She raises her eyes from the menu. “Nope.”

“She didn’t give you any clue?” I look from one to the other. “Nothing at all?”

Two blank expressions meet my question.

“So if I were to tell you that she wrote
keeping
this
secret
is
killing
me
in her diary, you wouldn’t know what she was talking about?”

They look shocked but shake their heads.

I stand up too. “Liam? One more thing before you go back to your band.”

He shrugs. “Sure. What?”

“Show me where Mike lives.”

Chapter
Twenty-Nine

Liam and I are alone in the car. Ella received a phone call from her mum while we were leaving the pub, asking where the hell her cigs were, so I dropped her home. I wasn’t just returning her home because her mum was suspicious. I wanted her safe, and now that we’re outside number 117 Highgate Road, I need to make sure Liam is too.
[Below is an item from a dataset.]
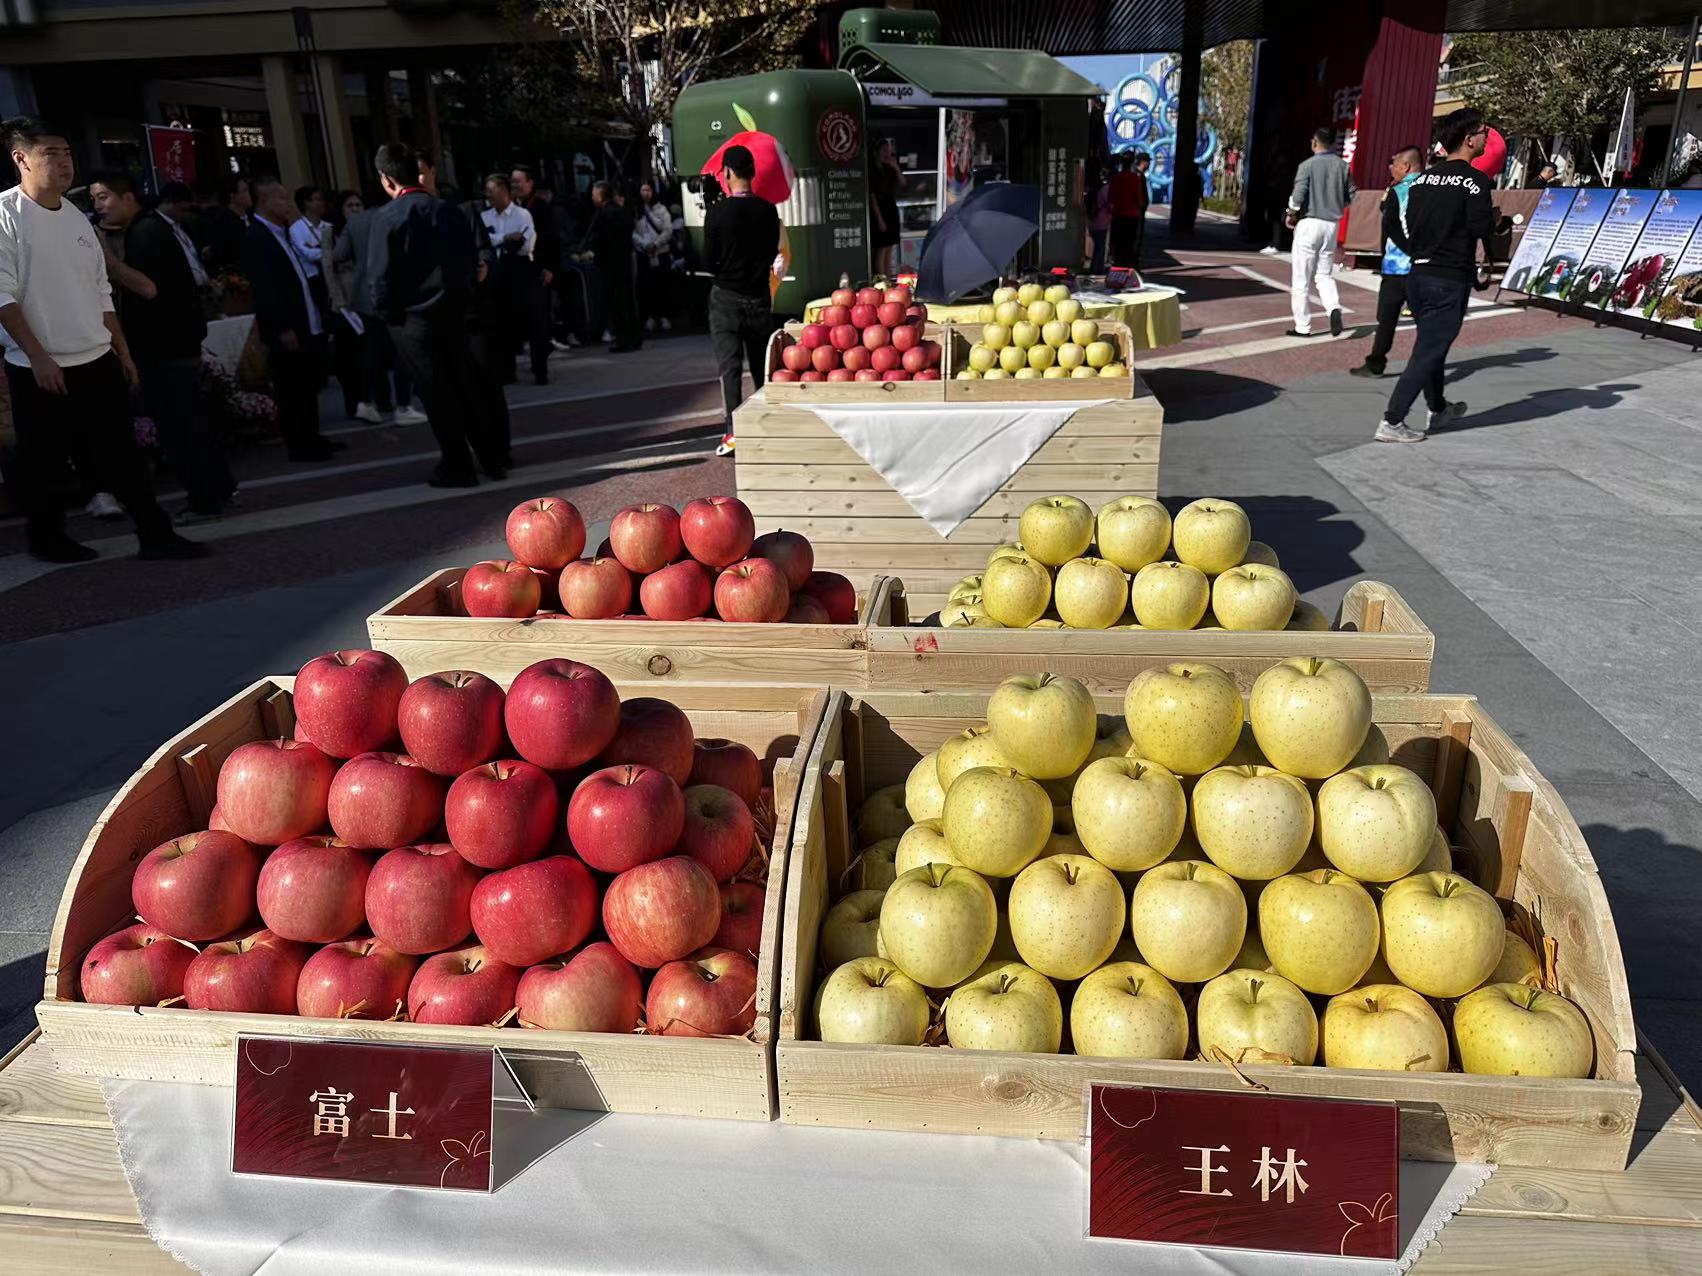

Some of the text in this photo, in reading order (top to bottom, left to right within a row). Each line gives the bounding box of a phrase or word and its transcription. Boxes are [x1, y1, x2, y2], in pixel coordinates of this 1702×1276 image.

“This is definitely the house?” I ask.

“Yeah.” He nods at me from the passenger seat. “I’d know it anywhere.”

“Thank you, Liam.” I look in the rearview mirror and flick the indicator. “I’ll take you back to the Gladstone now.”

“Nah.” He shakes his head. “I’m staying here. If you’re going to confront that mincing fucker, I’m coming too. I’ll punch his fucking lights out.”
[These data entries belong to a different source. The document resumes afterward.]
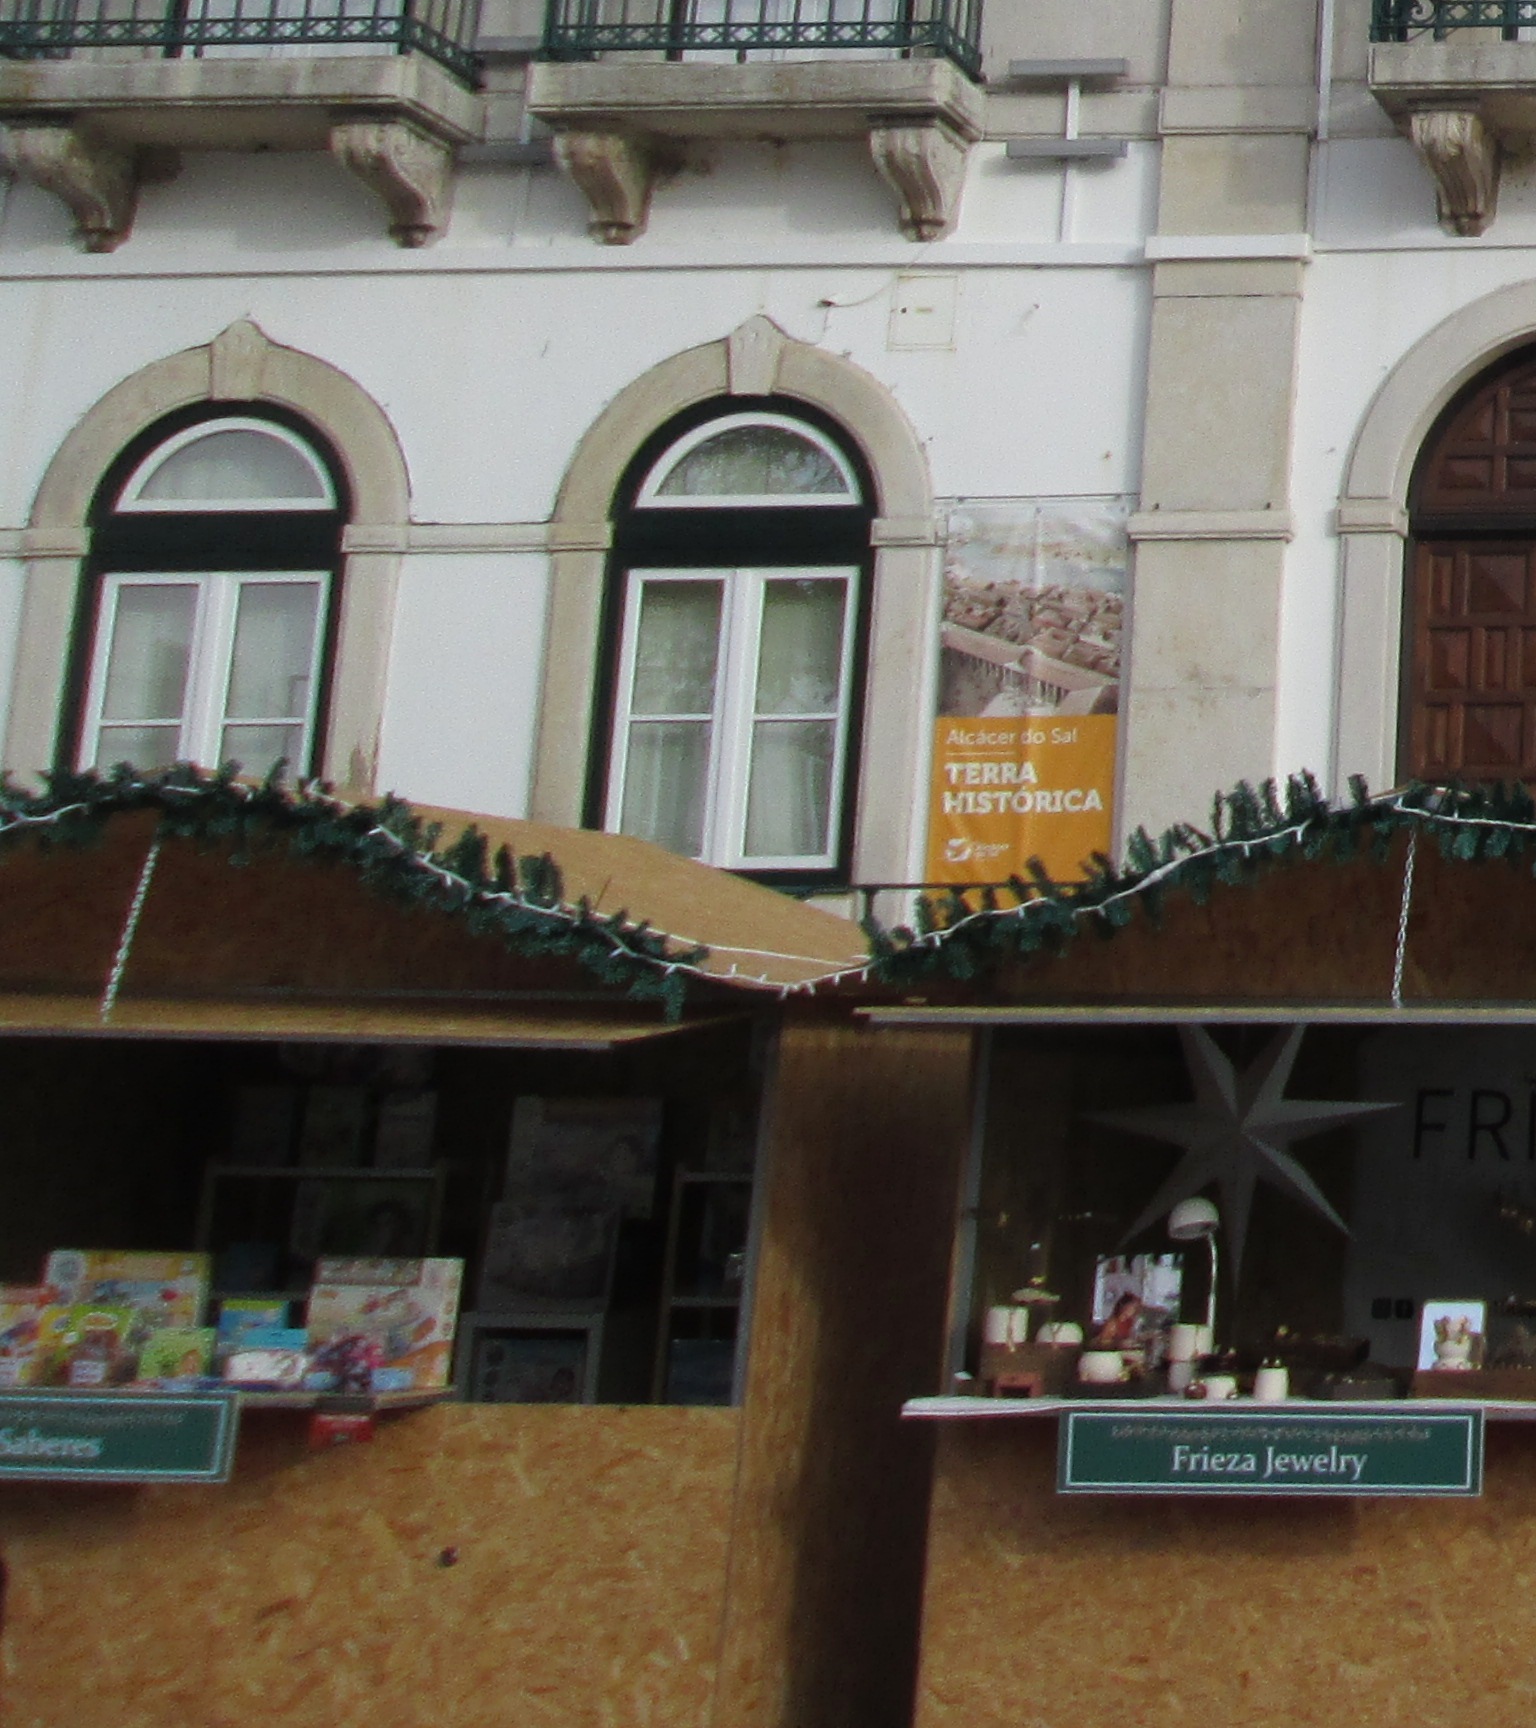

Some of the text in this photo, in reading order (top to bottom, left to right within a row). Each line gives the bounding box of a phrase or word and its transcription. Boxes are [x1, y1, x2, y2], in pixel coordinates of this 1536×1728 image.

[946, 727, 1077, 745] Alcácer do Sal
[944, 761, 1038, 784] TERRA
[942, 786, 1102, 814] HISTÓRICA
[1171, 1445, 1369, 1480] Frieza Jewelry
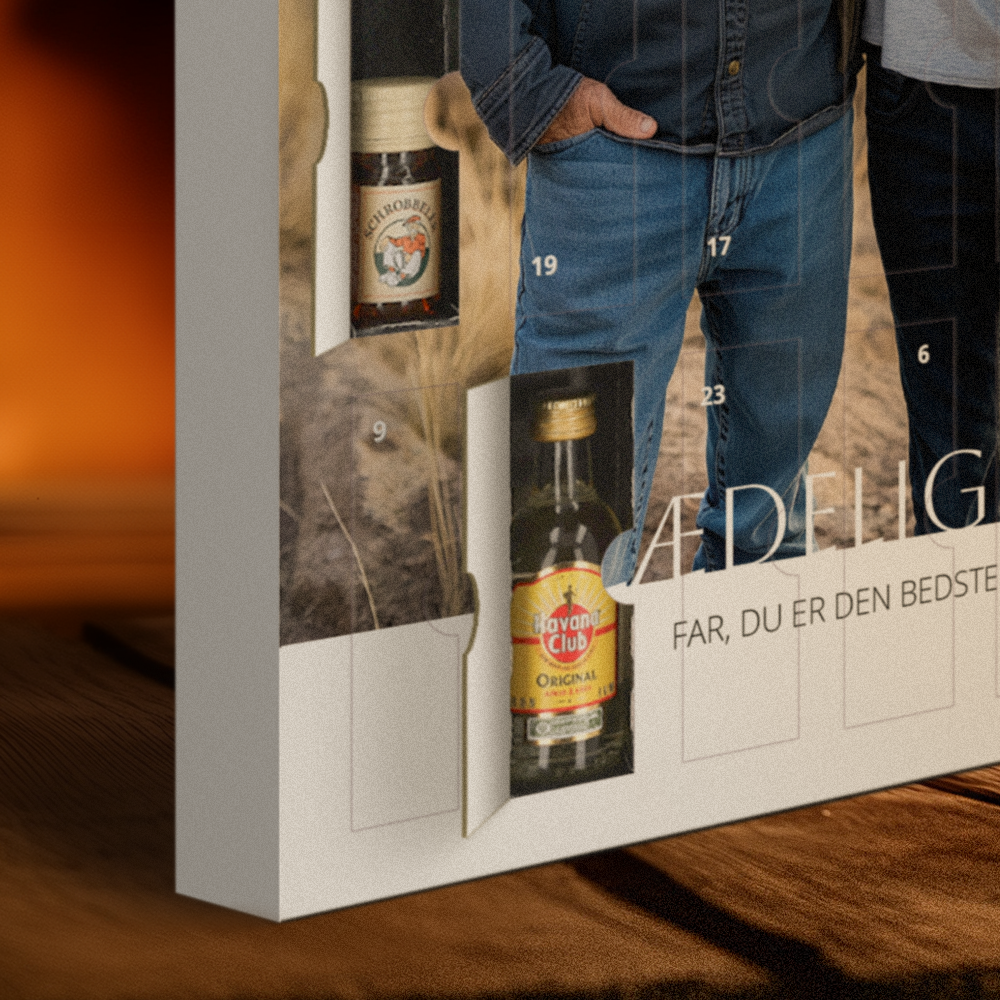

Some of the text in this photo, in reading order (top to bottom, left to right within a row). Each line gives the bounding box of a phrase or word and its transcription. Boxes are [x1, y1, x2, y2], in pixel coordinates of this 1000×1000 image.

[707, 235, 731, 257] 17
[532, 254, 558, 276] 19
[917, 344, 930, 364] 6
[702, 384, 725, 405] 23
[373, 421, 387, 442] 9
[672, 563, 999, 650] FAR, DU ER DEN BEDSTE
[533, 609, 600, 633] Havana
[548, 631, 588, 654] Club
That’s a lot of bravado for a seventeen-year-old, but it doesn’t raise a smile. Liam has no idea how much danger he’d be in if he so much as looked at James the wrong way.
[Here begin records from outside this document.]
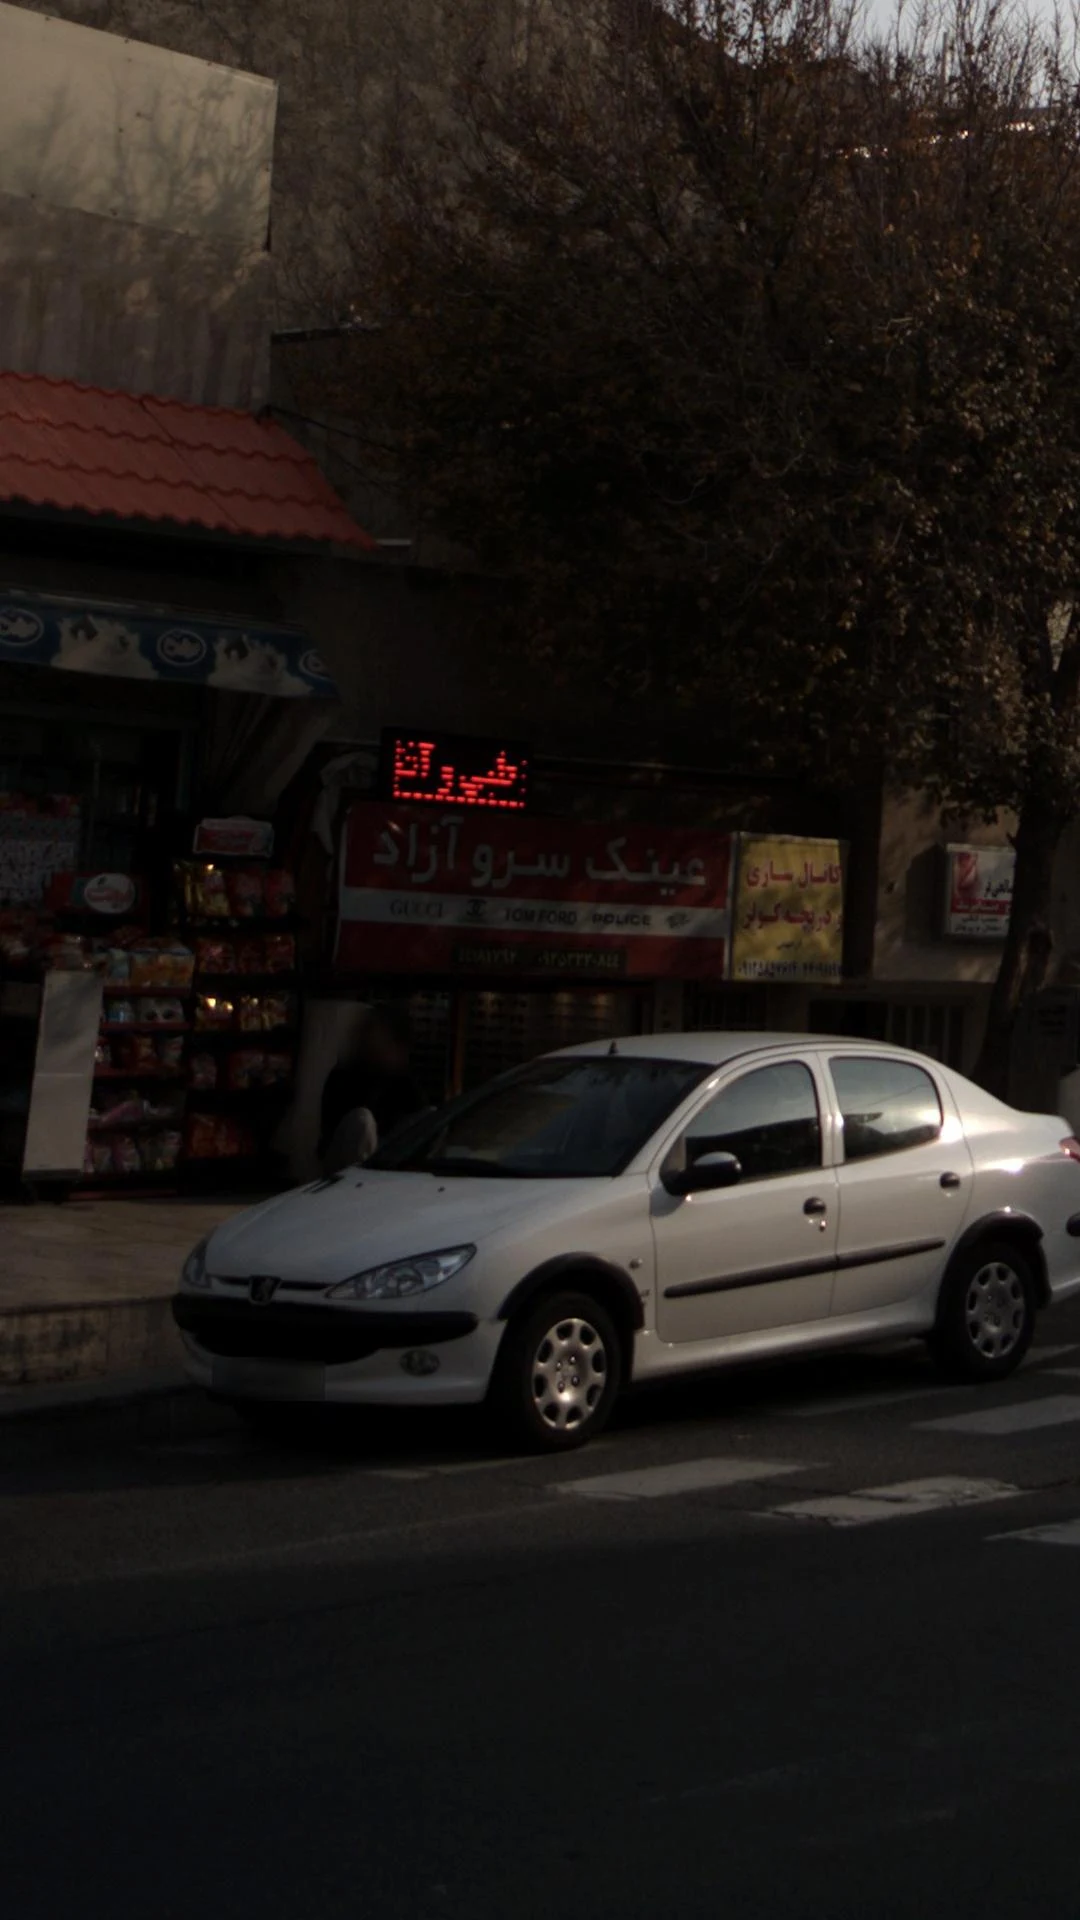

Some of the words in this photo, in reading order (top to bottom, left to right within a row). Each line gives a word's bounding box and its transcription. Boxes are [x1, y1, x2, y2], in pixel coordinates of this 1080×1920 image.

[373, 815, 464, 883] آزاد
[471, 843, 571, 889] سرو
[586, 836, 706, 896] عینک
[798, 860, 842, 889] کانال
[389, 898, 444, 919] GUCCI
[504, 908, 536, 923] TOM
[537, 908, 578, 926] FORD
[591, 912, 652, 927] POLICE
“No, you won’t.” I pull out into the road, ignoring his protestations. “We don’t want two people in the hospital.”

Liam laughs, flattered I’d think him capable of hospitalizing a grown man. I don’t bother to correct him.

***

Fifteen minutes later and I’m back outside the flat. It looks innocuous enough—marine blue front door, brass knocker, bay windows with curtains ever so slightly open—but I’m having a hard time opening the car door. My brain is urging me on, telling me to get out, knock on the door, and confront the man who’s been terrorizing my nightmares for the last twenty years, but my body is holding fast, refusing to move. I look down at my right hand, at the diamond band Brian bought me during a “makeup” holiday in Rhodes after the affair. I refused to wear it—his guilt gift—for a long, long time, and then suddenly it was our fifteen-year anniversary and the affair was a distant memory and the ring felt like a symbol of positivity, of a fresh start, so I started wearing it. I try and will the hand to move from the steering wheel to the door handle.

The hand refuses to move.

I look back at the house.

Maybe confronting James is more than foolhardy or idiotic—it’s downright dangerous. What if I’ve made the same mistake again—what if “rich gay guy Mike” really is a rich gay guy? What if I ring Brian, or the police, or whoever and tell them that my psycho ex-boyfriend has tracked me down to Brighton, falsely befriended my daughter, and then blackmailed her, and I’m wrong? How many times can you cry wolf before the men in white coats come out with a nice white coat of your own to wear? Ella described someone who could be James twenty years down the line, but I thought her description of Jamie Evans the school teacher matched him too. I’ve been wrong once; I could be wrong again. I need proof. Concrete proof.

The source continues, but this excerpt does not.